Emergency Power or Backup Power: The Solutions to Power Failure

More supply security for the domestic needs: self-consumption systems, i.e., PV installations with battery storage systems, can supply energy to important appliances in the event of a power failure. Most manufacturers offer a backup power or emergency power function for this purpose. What do these terms actually mean? Do we need to classify them further?

For a long time, we at Memodo only distinguished between emergency power and backup power. But we gradually realised that the terms are often misunderstood and that there are no uniform definitions in the industry. Additionally, a new generation of hybrid inverters has arrived in the market, which already have a small inbuilt backup power function, thus challenging the original definitions.

This is how we define

In order to shed light on this, and even literally, we adapt our definition and continue with backup power, backup power light and emergency power socket. Plus, there are off-grid systems and an uninterruptible power supply (UPS). Here, we will generally summarise the topic under the umbrella of “emergency power”. With this structure and our new definitions, we can better evaluate the products of our manufacturers for their functional scope and present them transparently.

Emergency Power:

Emergency power is the term used in everyday life and the umbrella term for all other options. From now on, we will also use this term as an umbrella for all options.

Backup Power:

Backup power can continue to supply energy to all rooms of a house in the event of a power failure. The switchover in case of a power failure must be automatic. Typically, this variant requires a switching device at the grid connection point. This is installed between the meter and the house distribution board. However, large, 3-phase appliances cannot usually be used here either.

The 1-phase solution with phase coupling is also placed under backup power. In case of a power failure, all 3 phases are then connected in parallel. Even with 1-phase inverters, the entire house can continue to be supplied with energy in this way. In this case, the phase performance is usually even greater.

Structure of a Backup Power System

Structure of a Backup Power System

Backup Power Light:

Most manufacturers offer hybrid inverters with an integrated switch device. Here, too, the following applies: Switchover in case of a power failure must run automatically. In contrast to backup power, not all rooms are supplied with the energy, but only the selected network. For example, the study, the pantry with freezer and the television in the living room can continue to be operated.

You save an added switching device here. The loads of the emergency circuits are permanently “looped through” the inverter. This means that the current for these loads always flows through the inverter, regardless of whether there is a power failure or not. Greater effort could be required for in house wiring distribution.

Structure of a Backup Power Light System

Structure of a Backup Power Light System

Emergency Power Socket:

Most battery and hybrid inverters offer a connection for a power socket, often in addition to the backup power. In the event of a power failure, users have to switch manually. In most cases, they can only plug in one device. While this option is definitely the simplest, it is often enough to qualify for many funding programmes.

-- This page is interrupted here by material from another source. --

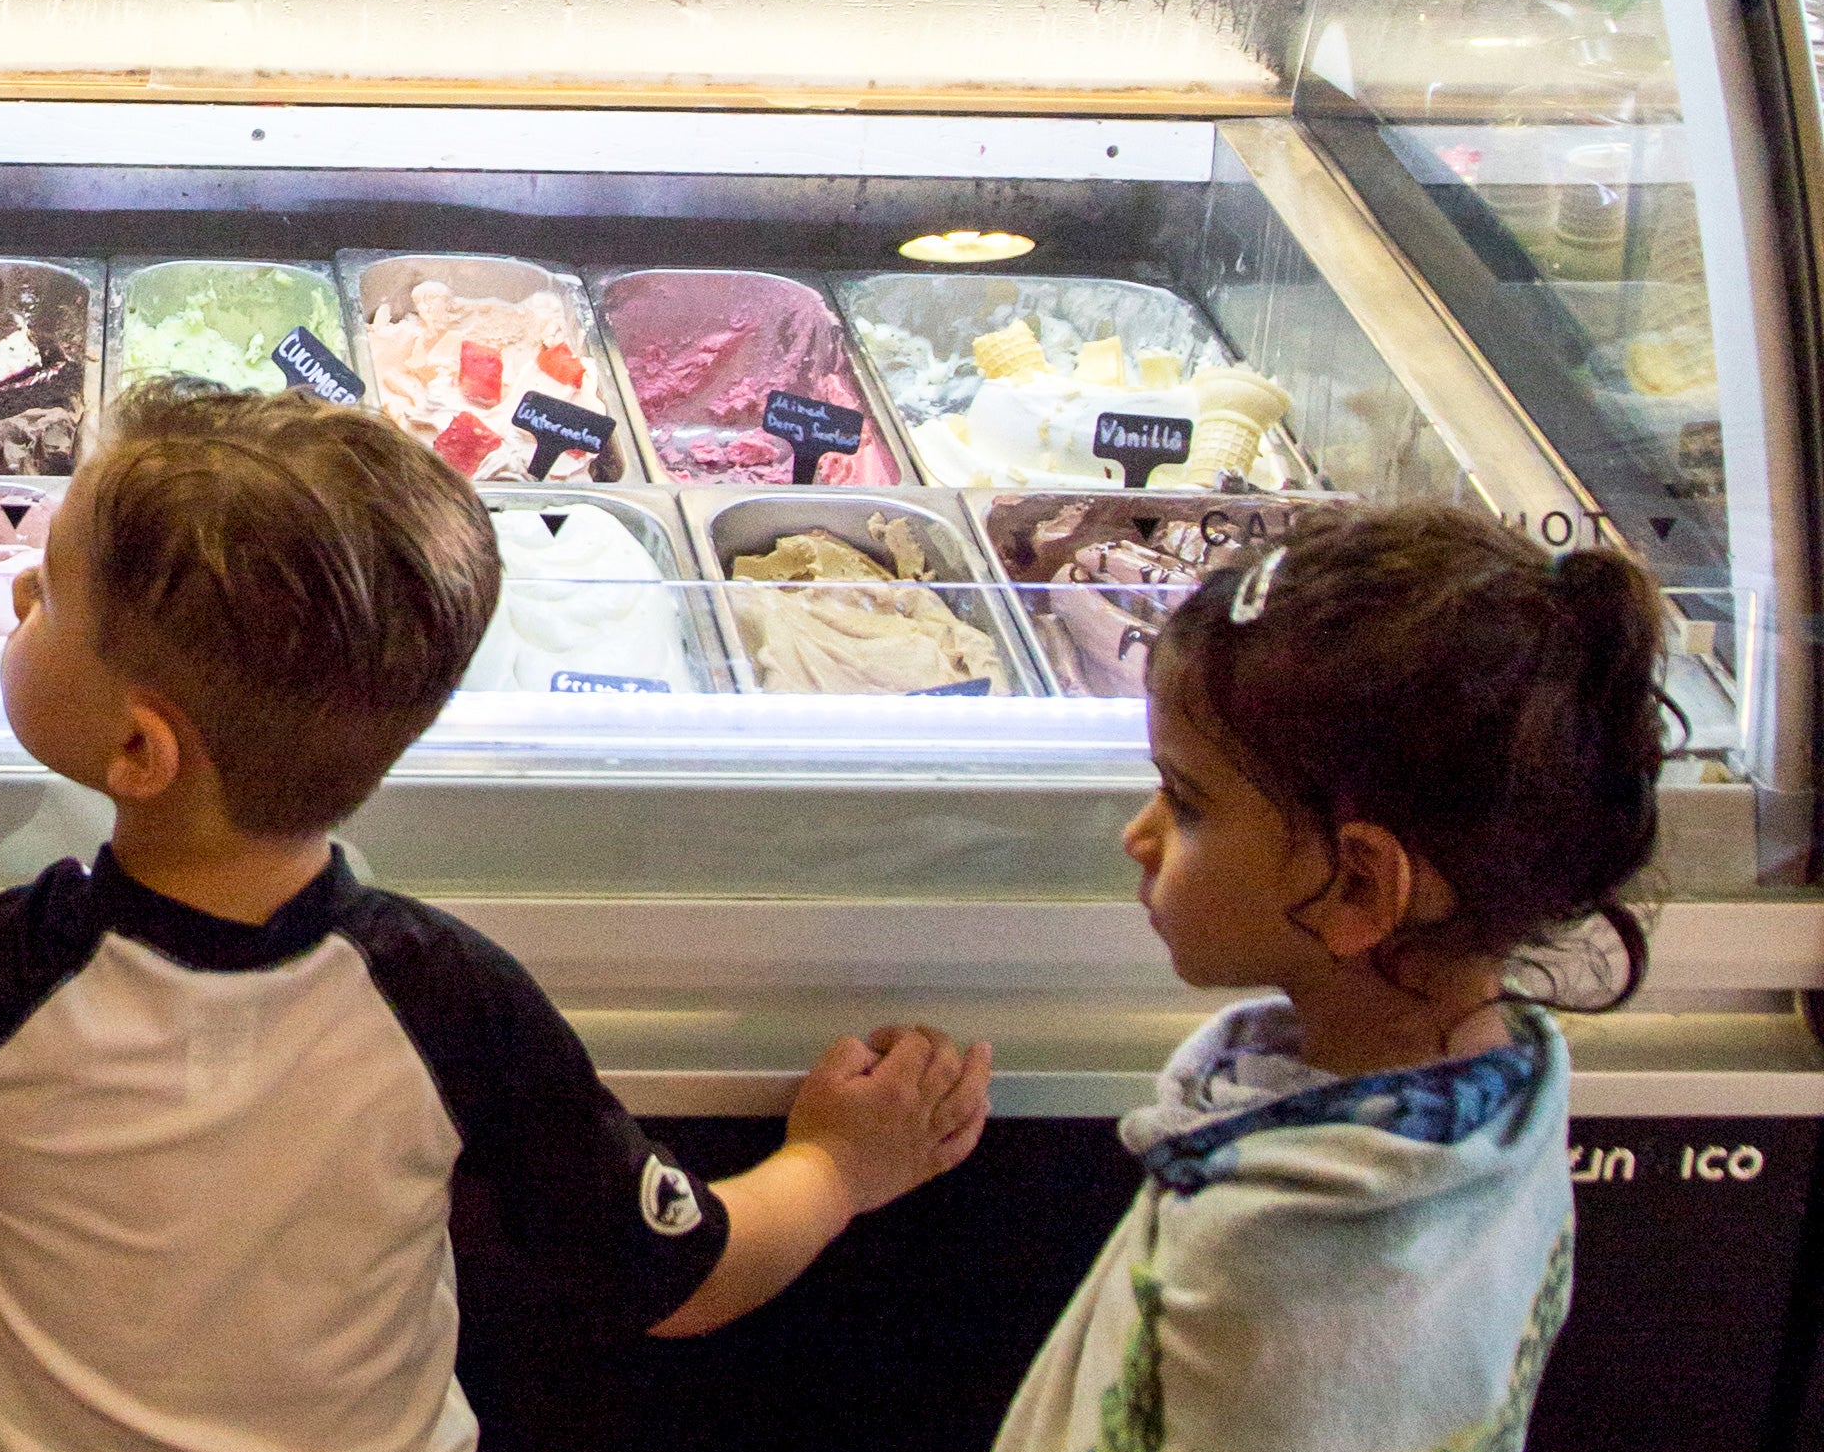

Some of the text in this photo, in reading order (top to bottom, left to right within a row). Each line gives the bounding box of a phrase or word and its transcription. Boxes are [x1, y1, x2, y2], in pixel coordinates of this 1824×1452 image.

[517, 402, 602, 451] Watermelon
[1100, 418, 1185, 451] Vanilla
[1680, 1145, 1765, 1182] ICO

Backup Power Backup Power-Light Emergency Power Socket
Supply to all rooms Yes No No
Automatic switching Yes Yes No
Installation effort Medium High Low
Additional switching device necessary Yes No No

Table: Emergency power variants compared

Off-grid system:

Unlike the backup grid, an off-grid system never has a connection to the public grid. Each system must be planned individually. In addition, the inverter power must be matched to the consumer power and must also be able to handle high power for short periods. Here you should pay attention to the manufacturer guidelines for planning. Our storage overview does not cover off-grid systems, as you have to tailor them individually.


A UPS prevents a voltage drop and ensures, for example, that a server can continue to run in the event of a power failure. In contrast to a classic emergency power system, these systems reduce the switchover time to a few milliseconds. Usually, PV systems are not certified as UPS systems because the inverters cannot manage the switchover times.

UPS systems usually only bridge a few minutes to allow for a controlled shutdown. If an emergency power system is installed, however, operation can be maintained until the power failure is remedied.


The term emergency power is often used differently in everyday life. Our 3 new terms backup power, backup power light and emergency power socket better reflect the functional scope of our products and are therefore now our first choice.

Emergency power systems are becoming increasingly relevant for many households. The manufacturers have reacted to this and almost all hybrid inverters have now emergency power function. This means that a backup power or a backup power light can be set up easily and cost-effectively, especially for new systems. There is also a sensible solution for existing systems with the right battery inverter. So, storage on, lights on!

In summary:

  • So far we have used the terms emergency power and backup power, but emergency power, backup power, backup power light and emergency power socket are more appropriate.
  • Emergency power systems and self-sufficiency are becoming increasingly relevant. With a PV system and an electricity storage system, users can continue to feed individual appliances, specific circuits or the entire house with energy.
  • Many hybrid inverters can now supply backup power.